Replacing the Soft FEC Limit Paradigm in the Design of Optical Communication Systems
Alex Alvarado, Erik Agrell, Domanic Lavery, Robert Maher, Polina Bayvel
TL;DR
The paper tackles the widespread SD-FEC limit design paradigm in optical communications and demonstrates that channel-independent FEC limits fail for soft-decision bit-wise decoding, especially at low code rates and with high-order modulations. It advocates the generalized mutual information (GMI) as a universal predictor of post-FEC BER, deriving achievable-rate bounds for memoryful and memoryless channels and showing that GMI, computed from bit-wise L-values, aligns with actual decoder performance across AWGN and nonlinear optical channels.

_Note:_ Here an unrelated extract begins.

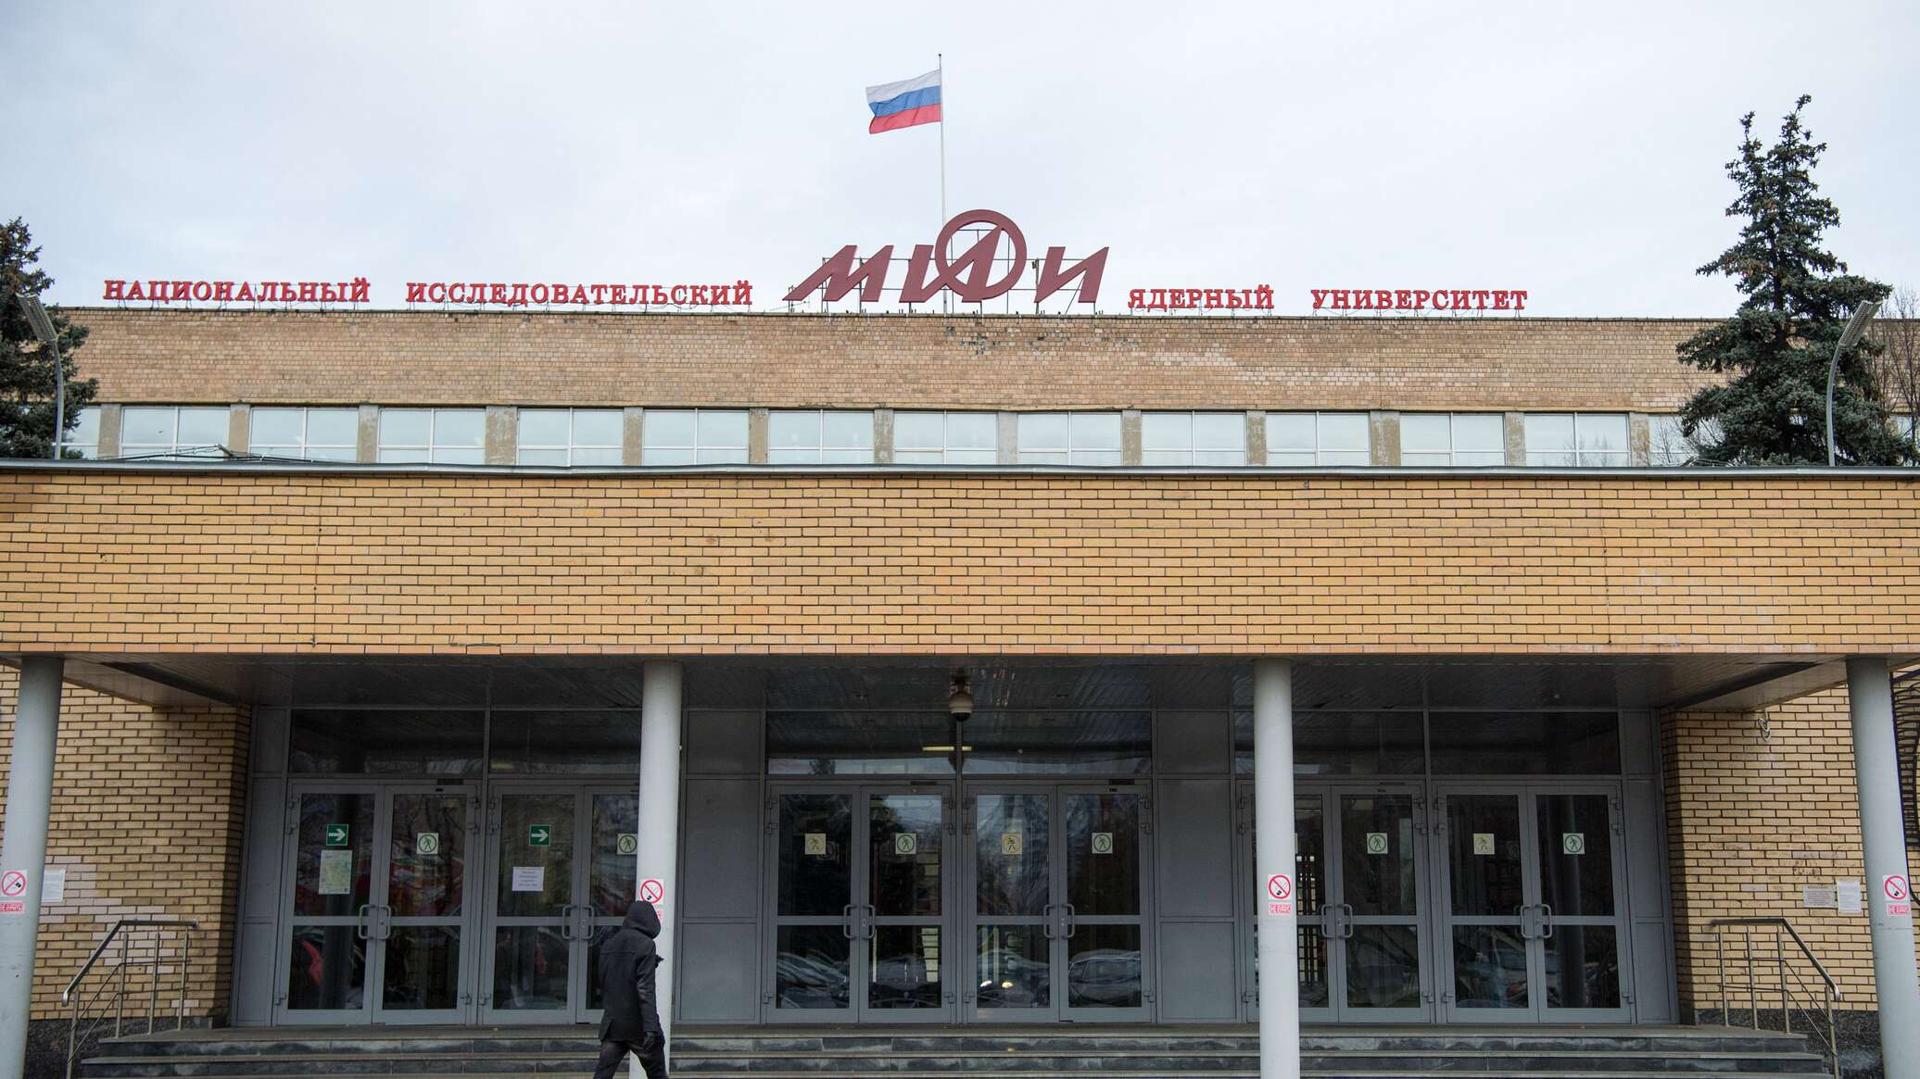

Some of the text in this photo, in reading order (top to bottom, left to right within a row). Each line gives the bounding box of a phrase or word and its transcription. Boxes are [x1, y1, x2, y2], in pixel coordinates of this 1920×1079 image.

[104, 277, 753, 307] НАЦИОНАЛЬНЫЙ ИССЛЕДОВАТЕЛЬСКИЙ
[1127, 284, 1528, 311] ЯДЕРНЫЙ УНИВЕРСИТЕТ
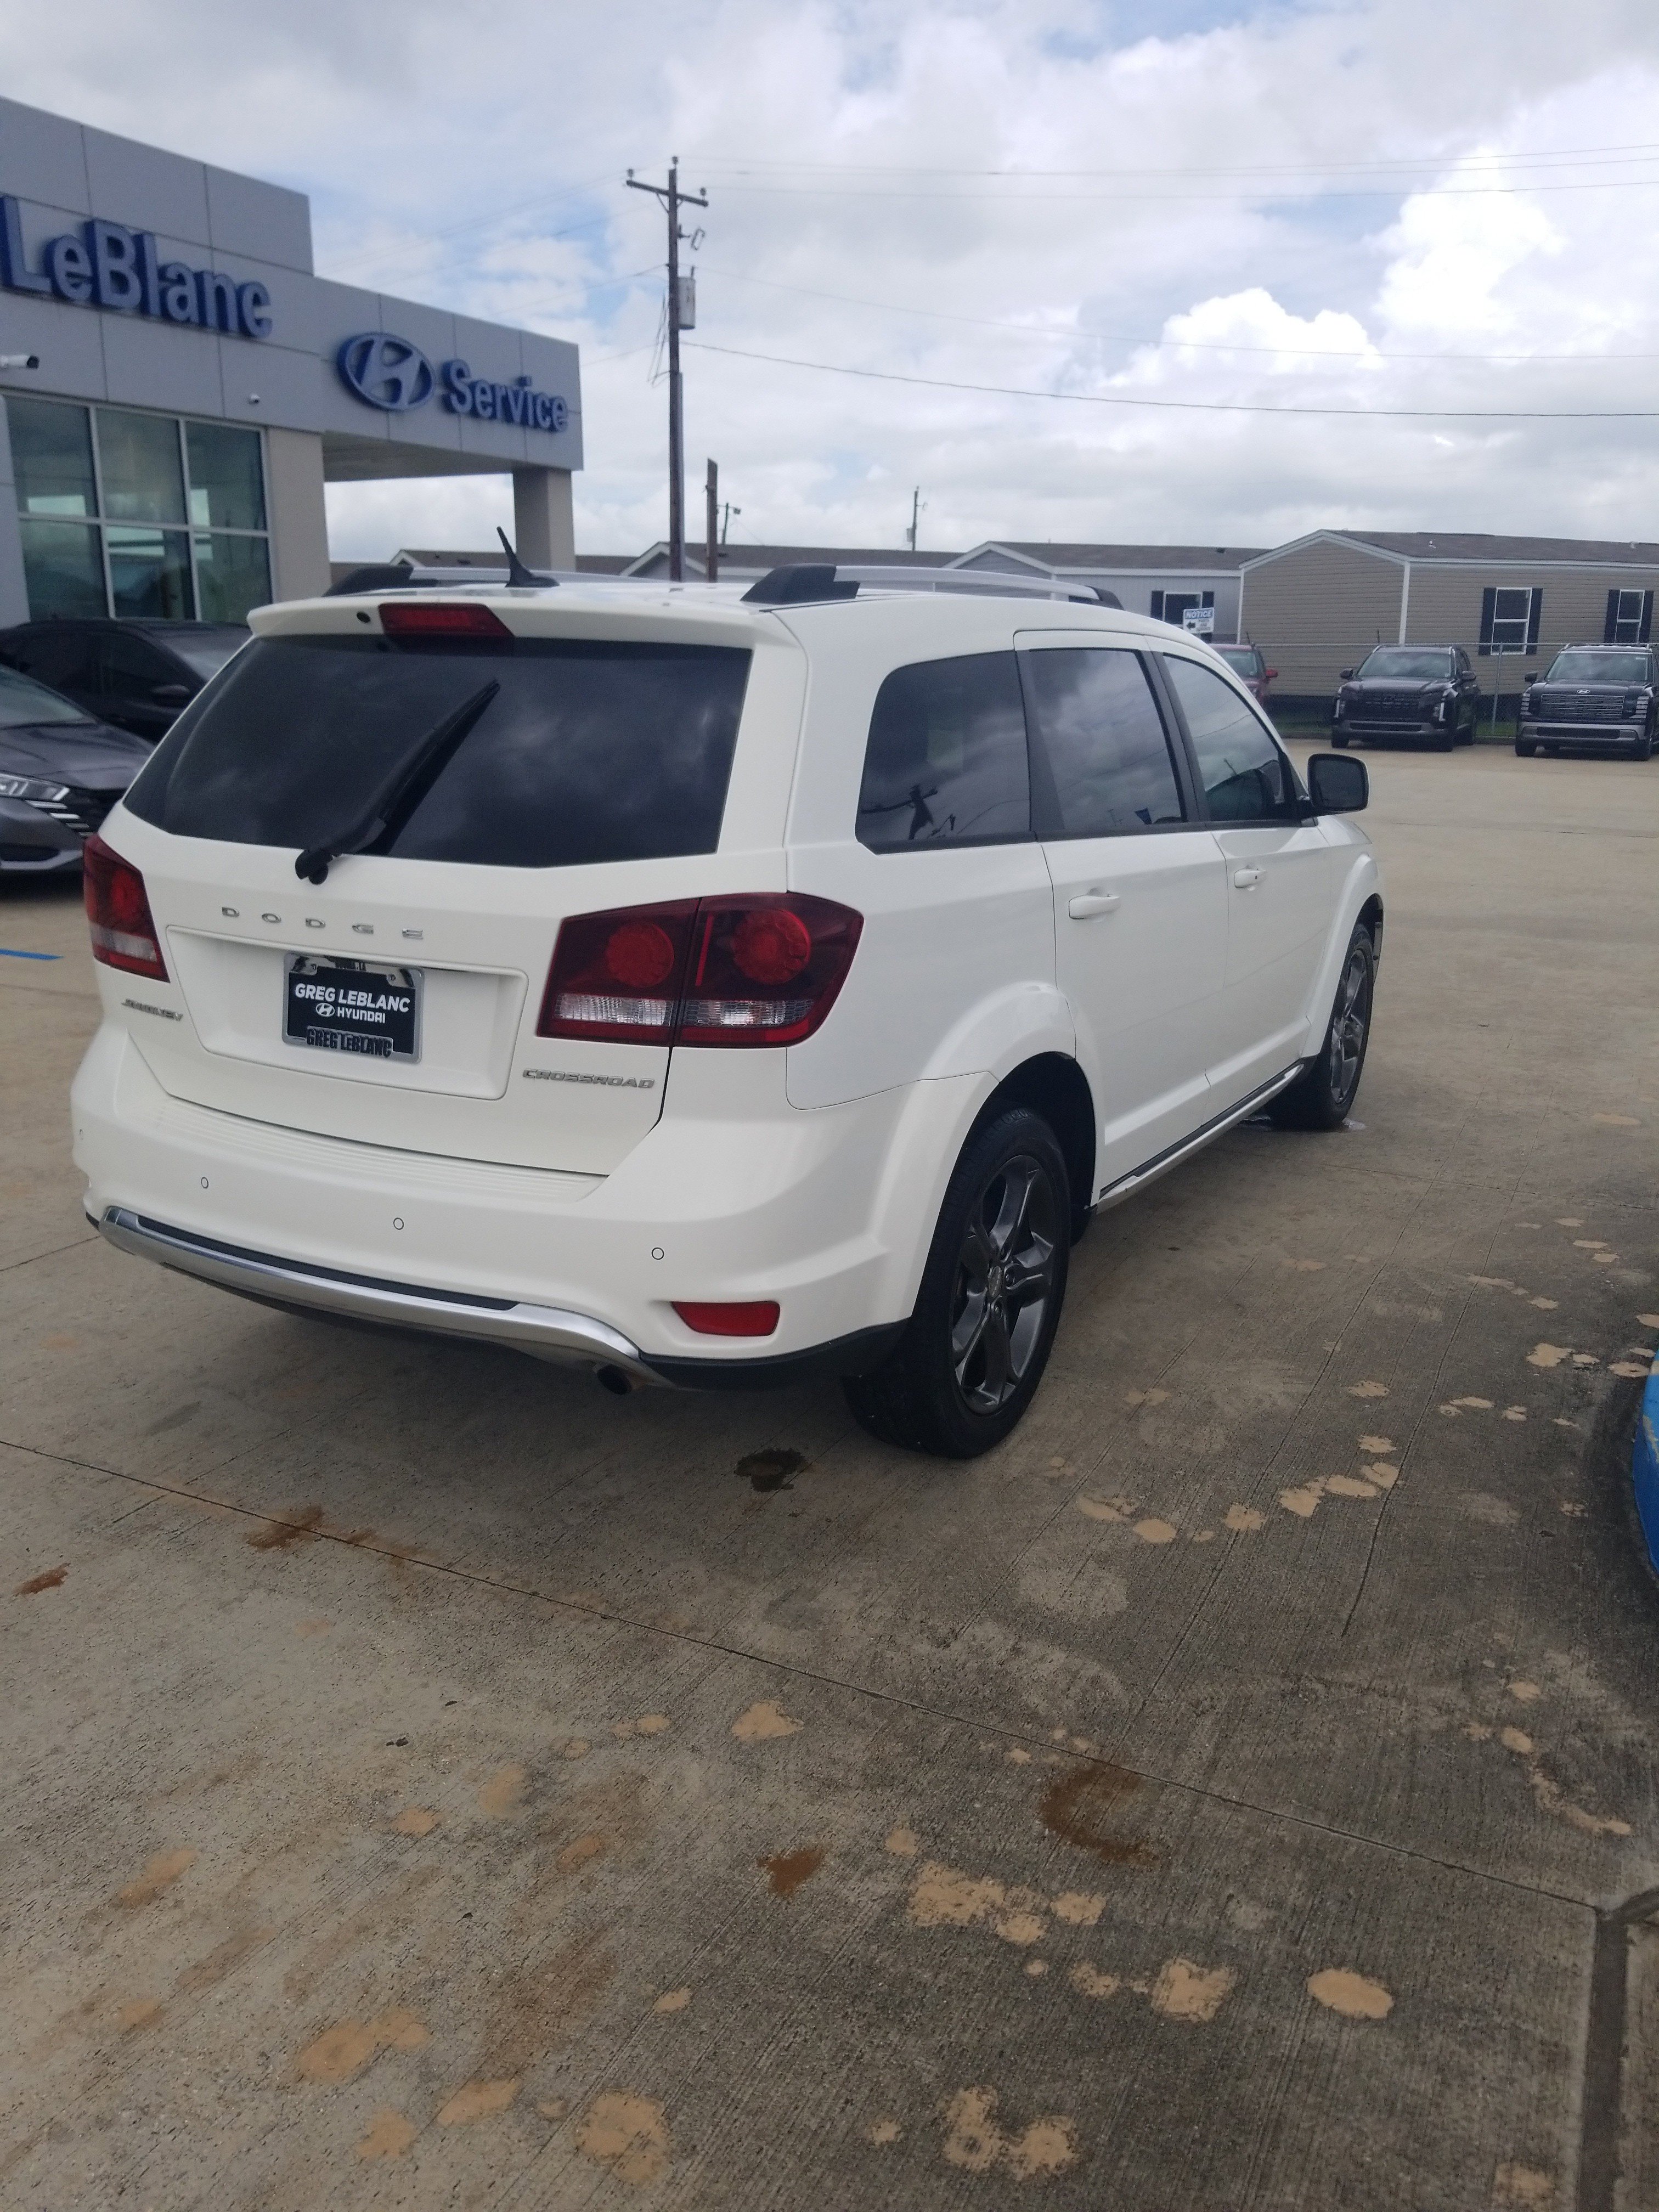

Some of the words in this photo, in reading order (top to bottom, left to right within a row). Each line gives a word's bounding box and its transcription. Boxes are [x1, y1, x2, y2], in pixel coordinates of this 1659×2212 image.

Through extensive simulations (AWGN and NLSE) and experiments (64QAM WDM), the authors show that GMI consistently predicts post-FEC BER for both LDPC and turbo codes, while pre-FEC BER and ordinary MI can mislead across varying modulations and code rates. They propose replacing the traditional SD-FEC limit with a GMI-based limit, highlighting practical implications for spectral-efficiency estimates and system design in coherent optical networks, with caveats for iterative or nonbinary decoding scenarios.
Abstract
The FEC limit paradigm is the prevalent practice for designing optical communication systems to attain a certain bit-error rate (BER) without forward error correction (FEC). This practice assumes that there is an FEC code that will reduce the BER after decoding to the desired level. In this paper, we challenge this practice and show that the concept of a channel-independent FEC limit is invalid for soft-decision bit-wise decoding. It is shown that for low code rates and high order modulation formats, the use of the soft FEC limit paradigm can underestimate the spectral efficiencies by up to 20%. A better predictor for the BER after decoding is the generalized mutual information, which is shown to give consistent post-FEC BER predictions across different channel conditions and modulation formats. Extensive optical full-field simulations and experiments are carried out in both the linear and nonlinear transmission regimes to confirm the theoretical analysis.